Continuity of care among homeless people has been found to be exceptionally difficult. Shelter operators already having demonstrated cultural competence in caring for the homeless were integrated into a shelter-based medical model of care to address previously unmet needs. This served to treat vulnerable individuals in a timely manner and coordinate their care, which allowed timely discharge from hospital. Police in frequent contact with people repeatedly inebriated in public have the opportunity to refer potential program participants to MAP and address a need within a system otherwise obliged to repeatedly process minor offences and bring people in for overnight detox in a police cell. Program development is ongoing for preventive care against infections such as tuberculosis and hepatitis and for administration of HIV tests and immunizations. For people whose drinking pattern has stabilized in MAP, psychiatric evaluations and follow-up have been successful.

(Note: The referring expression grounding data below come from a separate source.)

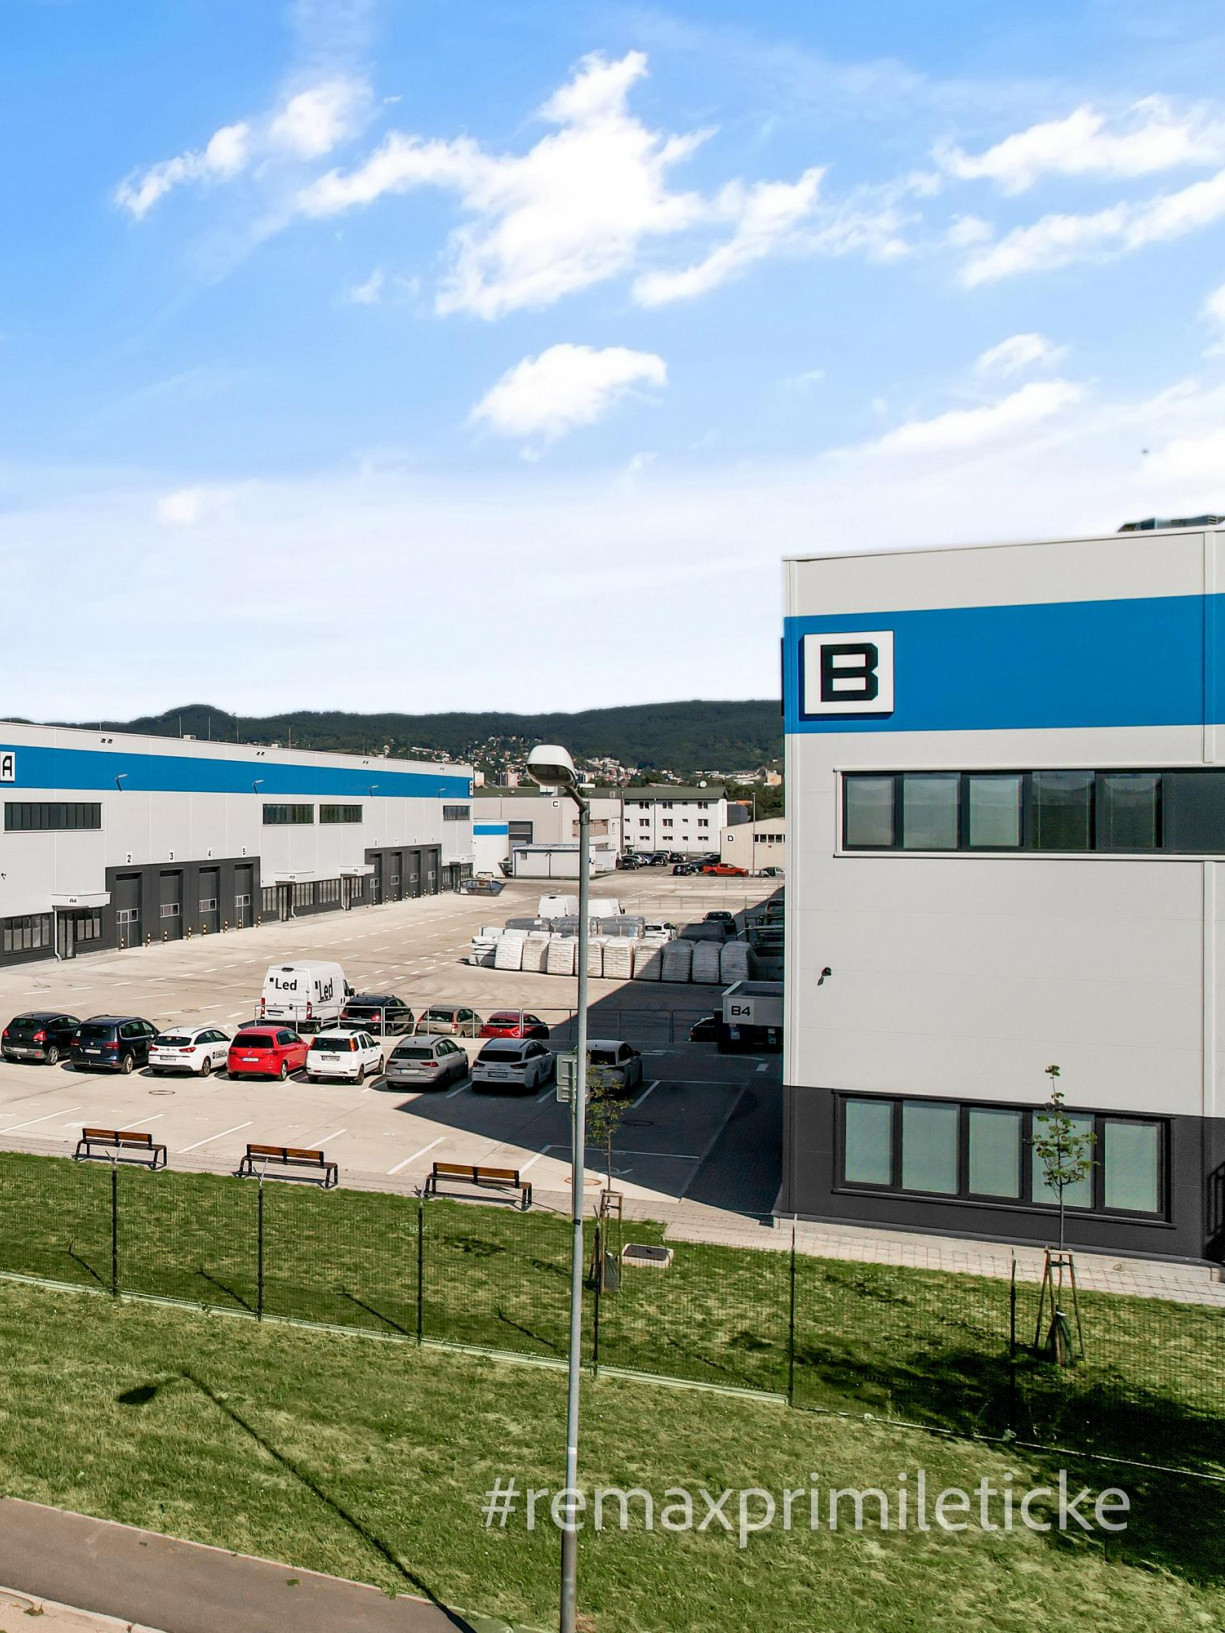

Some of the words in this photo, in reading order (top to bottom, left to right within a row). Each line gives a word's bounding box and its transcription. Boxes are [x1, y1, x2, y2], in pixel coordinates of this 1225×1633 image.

[820, 642, 878, 702] B
[2, 755, 12, 777] A
[275, 977, 298, 991] Led
[318, 978, 334, 1001] Led
[731, 1005, 751, 1017] B4

31 Finally, the option to detoxify from alcohol is always presented; once stabilized in the program, a few participants have successfully been medically detoxified and received housing, a formidable accomplishment considering the severity of an on-average 35-year addiction in which subjects drank daily to unconsciousness. This appears attributable to tempering alcohol consumption in a safe environment, which makes alterations of behaviour, including detoxification, possible.
In one large study,
32,33 mentally ill homeless people in supportive housing had decreased shelter use, incarcerations, admissions to hospital and lengths of hospital stay. In another study,
24 only 20% of people with case__managed alcoholism were able to maintain housing. Although housing is immensely beneficial for health, it is difficult to maintain without appropriate skills. Part of the success of MAP has likely been due to the supportive housing provided, but housing alone would not have prevented alcohol-seeking, consumption and the harm therefrom.
MAP is an innovative program based on a harm-reduction model that, when evaluated in a small group, appeared to be effective in decreasing alcohol consumption and the use of crisis services. Those responsible for the well-being of homeless people should consider the implementation and prospective evaluation of programs that integrate health services within shelters using a harm-reduction strategy.